I'll bet your political scandal didn't have erotic e-mails.
It's so true. Politics here is so dull compared to what you guys can pull. On the other hand, you don't have wallabies under the influence of narcotics trying to contact aliens. I call it a draw.
Re: anchors reading the Sandford e-mails. Countdown had fun with them yesterday, including some really sappy music while Keith was full-bore emoting. Rachel Maddow, however, refused to read them, and only put the text on the screen while she spoke about them in the sidebar. She said if she started reading them aloud, she'd blush so hard they'd have to take her to the hospital, break for commercial, and then come back to find a new anchor sitting in the chair.
I'm just waiting for both TDS and Colbert to have more scripted stuff than they were able to write in the few hours before they taped last night.
Now I want bagels for breakfast.
It was a pretty heavenly way to start the day, msbelle. Now the kids are up too. Luckily they seem to have taken their cute pills this morning. I'm sure it helps that we aren't in a rush now that school is over.
It's so true. Politics here is so dull compared to what you guys can pull.
One of my favorite scandals where 'shot himself in the foot' could almost be taken literally.
Texas Tale
Returning to his mobile home in Austin, the Republican representative was struck in the left arm by three buckshot pellets from a twelve-gauge shotgun, and his car was riddled with dime-sized holes. At various times since then, Martin, 29, has said his arm was raised to protect himself, to yawn and to check the time. Wayne House, then a legislative aide to Martin, took him to a hospital. But even then, House started to wonder: Had Martin staged his own shooting?
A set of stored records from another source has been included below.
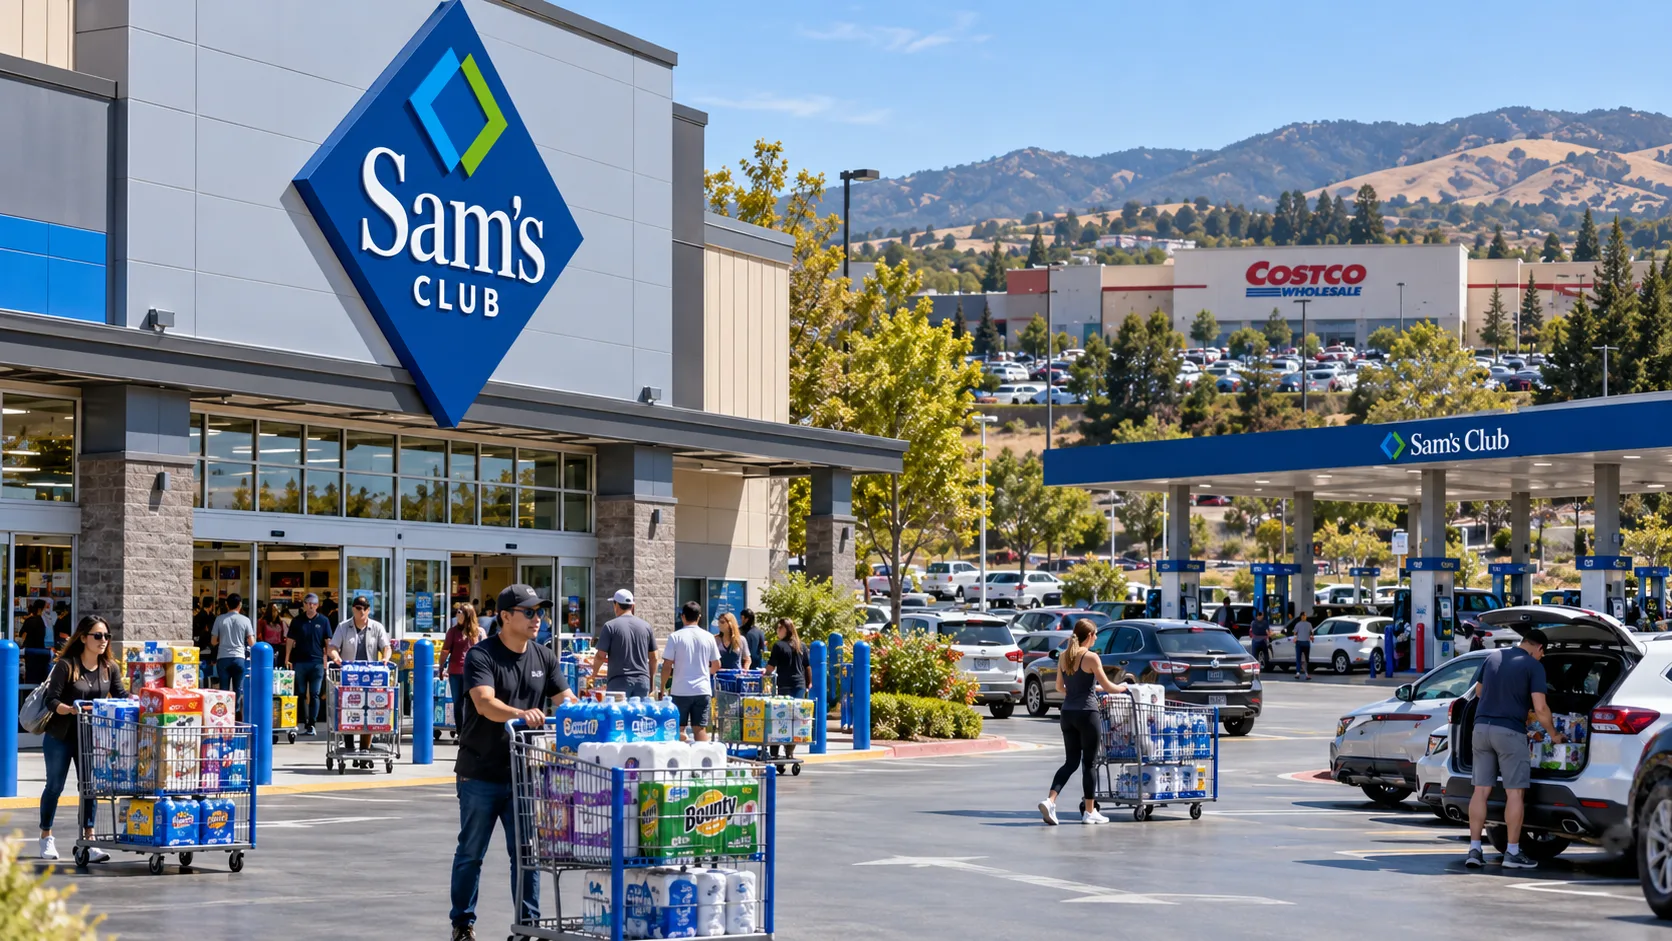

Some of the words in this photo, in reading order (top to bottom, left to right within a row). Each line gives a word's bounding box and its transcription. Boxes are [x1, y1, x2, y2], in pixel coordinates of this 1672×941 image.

[360, 146, 546, 284] Sam's
[1245, 260, 1367, 286] COSTCO
[413, 275, 500, 318] CLUB
[1281, 285, 1363, 298] WHOLESALE
[1410, 432, 1461, 456] Sam's
[1464, 427, 1510, 452] Club
[684, 795, 739, 833] Bounty
As time passed, evidence mounted that he had. Martin, a conservative Baptist, had set his sights on a state senate seat, and the assassination try sounded suspiciously like a p.r. gambit. Before the shooting, he had composed an "emergency list" of people to contact should anything happen to him; at the top, above his family, was his public relations man. Associates also noticed tiny discrepancies every time Martin recounted the shooting.
Martin ignored a subpoena to appear before a grand jury on Aug. 11, and then hatched a more outlandish version of what had happened: a black-masked member of "the Guardian Angels of the Underworld" had carried out the ambush to prevent him from exposing the satanic cult. On Aug. 17, Martin ducked another grand jury appearance—for his own safety, he said.
A few days later Martin's cousin, Charles Goff, 29, swore to police that he not only fired the shots, but also made three threatening telephone calls to a Martin aide to bolster the satanic cult story. The next day Texas Rangers found Martin hiding in a stereo cabinet in his mother's house and arrested him on an old assault charge. Free on bail, Martin denies everything. The grand jury will hear more evidence this week. If Martin is charged, it will probably be with a misdemeanor. Two possibilities: reckless conduct and making a false statement to police.
It's an oldie, but it's hard to beat.
Texas politics can be pretty entertaining (at least, if you live elsewhere). I miss Molly Ivins.
Olbermann's been on a roll -- there was the "Don't Call Me LIZ!" series recently, with a male staffer dressed up in blonde wig and aggressive lipstick, emotively typing away at a keyboard while Keith read her angry emails out loud.
I feel kind of sorry for Sanford, re: the emails. They may not be the height of literary achievement, but they sound sincere, and I think the guy has little enough sincerity in his life that it should be mocked. And a couple of them are kind of sweet.
They're lovely emails.
If he wasn't a "family values" hypocrite who left his damned workplace for 6 days AWOL, I'd have a bit more empathy for him. Grow up, Sanford!
Sweet to him and her, not so sweet for his wife and kids, though.